僕はエルが作った野菜スープを口にする。……うん、素材の味って感じ。そして、温かいな。少しだけ寒気がする今の夜には良い感じだ。
――ズズズズズ。ゴクゴク。ぷはぁ。
「ごちそうさまでした」
食べ終わった僕は合掌し、皿を置いた。はぁ、お腹いっぱい。
「クロ、居る?」
僕はクロを呼んだ。
「ワフッ!」
僕が呼びかけると、野営の準備中にいつの間にか居なくなっていたクロがどこからともなく現れた。少しだけびっくり。おそらく、というか絶対影から出てきたんだろうな。なんたって影狼だし。なるほど、影の中でも音はきちんと聞こえるんだね。何はともあれ呼びかけにすぐ応じるなんて、いい子だ。
「よ~しよしよし、わしゃしゃしゃしゃ」
そんないい子のクロを労う為に、まず僕はクロのことを思いっきりもふもふした。ん~~、もふもふ最高!
「クロはもうご飯食べた?」
食べてると思うけど一応確認。
「ワンッ!」
どうやら僕の予想通り、食べたらしい。良い返事だ。
「そっかそっか」
「……ほへぇ。ベルはクロが言っていることが分かるの?」
エルは不思議そうに僕達のことを見ていた。因みにベルというのは今の僕の愛称だ。二人で考えた(というかエルがほぼ一人で考えた)結果、僕はこの世界ではファーグベルと名乗ることにしたのだ。

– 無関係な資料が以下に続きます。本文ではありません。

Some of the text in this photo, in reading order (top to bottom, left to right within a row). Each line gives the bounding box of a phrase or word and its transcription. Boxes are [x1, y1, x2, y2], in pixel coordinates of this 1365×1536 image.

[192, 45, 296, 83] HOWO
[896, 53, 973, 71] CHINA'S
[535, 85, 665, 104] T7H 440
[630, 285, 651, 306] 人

「分かるっていうか、なんとなく? 一言一句分かるわけじゃないけど、主張していることぐらいは分
かるって感じかな」
流石にクロの言葉は分かってないけど、はいかいいえぐらいのことは分かる。そんな感じかな。
「そっかぁ。仲良しなんだね。じゃあさ、クロは私のことどう思ってるかクロに聞いてくれない?」
「いいよ。……クロ、クロはエルの事どう思ってる?」
僕の質問に対し数瞬悩んだ後、クロは僕にこう示した。
「……フン」
「嫌いだって」
「えぇ。……だったら、どうしたらクロと仲良しになれるかな?」
「……」
クロが僕の近くまで寄ってきた。そして僕達の会話にはまるで興味ないとばかりに丸くなり、目を瞑る。どうやら今日は僕の隣で寝るようだ。

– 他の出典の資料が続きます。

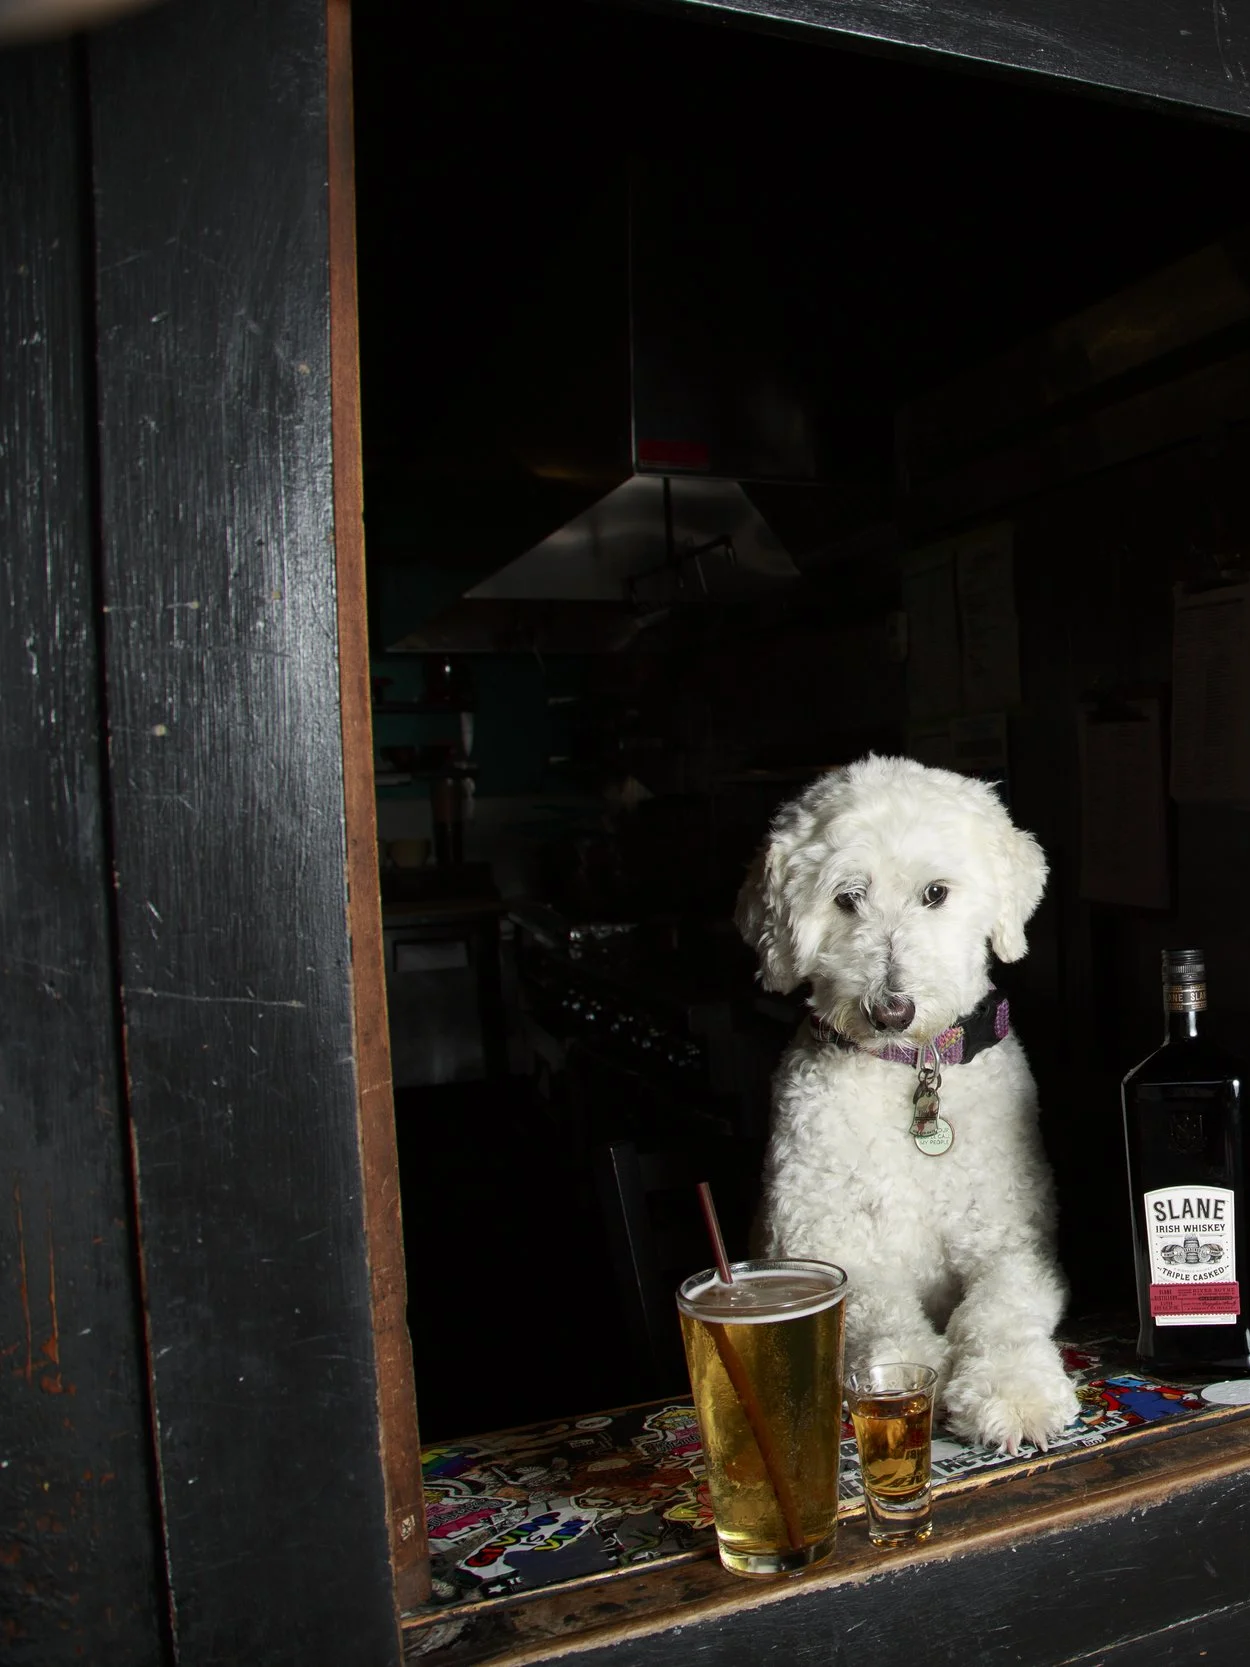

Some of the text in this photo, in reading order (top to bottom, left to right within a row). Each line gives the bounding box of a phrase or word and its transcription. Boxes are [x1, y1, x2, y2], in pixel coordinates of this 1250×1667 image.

「残念だけど、クロはエルと仲良くなるつもりはないみたい」
僕はクロの気持ちを汲み取り、クロの代わりに答えておく。
「そっかぁ。残念」
そう言いつつも、エルは最初からそれが分かっていたかのように、あんまり残念そうにしているようには見えなかった。
「ふわぁ~」
会話に一区切りがついたと思った僕は、思わず欠伸が出る。お腹いっぱいで眠くなってきたな。
「ベル、もう眠い?」
エルが僕に尋ねてくる。だがしかしその時には、僕の意識は半分ほど夢の中へ旅立っていた。
「う~ん」
何とか返事をした僕、偉いなぁ。……あぁ、眠い。
「じゃあ今日の見張りは私が先にするね。大体三時間ぐらいで交代で……ってありゃりゃ」
「ぐぅ」
僕はエルの話を聞き終える前に寝てしまったのだった。……クロのお腹枕最高。
***
私は今日、不思議な少女と出会った。大きな影狼を付き従えている、白髪赤目が特徴的な少女。
「今日一日は、私が見張りかなぁ」
私は誰に対してでもなく、独り言を呟く。私の目の前には件の少女、ファーグベルが居た。

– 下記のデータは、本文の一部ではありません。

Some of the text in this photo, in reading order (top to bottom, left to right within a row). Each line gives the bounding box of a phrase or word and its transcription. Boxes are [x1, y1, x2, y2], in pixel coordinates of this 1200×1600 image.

ファーグベルは本当に不思議な少女だ。どこが不思議かと聞かれると何て言えば分かんないけど、敢えて言葉にするなら存在が不思議。一目見た時からそう思った。絶対的な存在感があるのに、目を離せば消えてしまいそうな、そんな少女。そこに居るはずなのに、そこに居るのか分からない、そんな少女。
ファーグベルは今、私の目の前で布に包まった状態でぐーすかと寝ている。最初は影狼のクロと一緒に寝てたけど、クロはいつの間にか居なくなってた。多分あの子は影の中に戻ったんだと思う。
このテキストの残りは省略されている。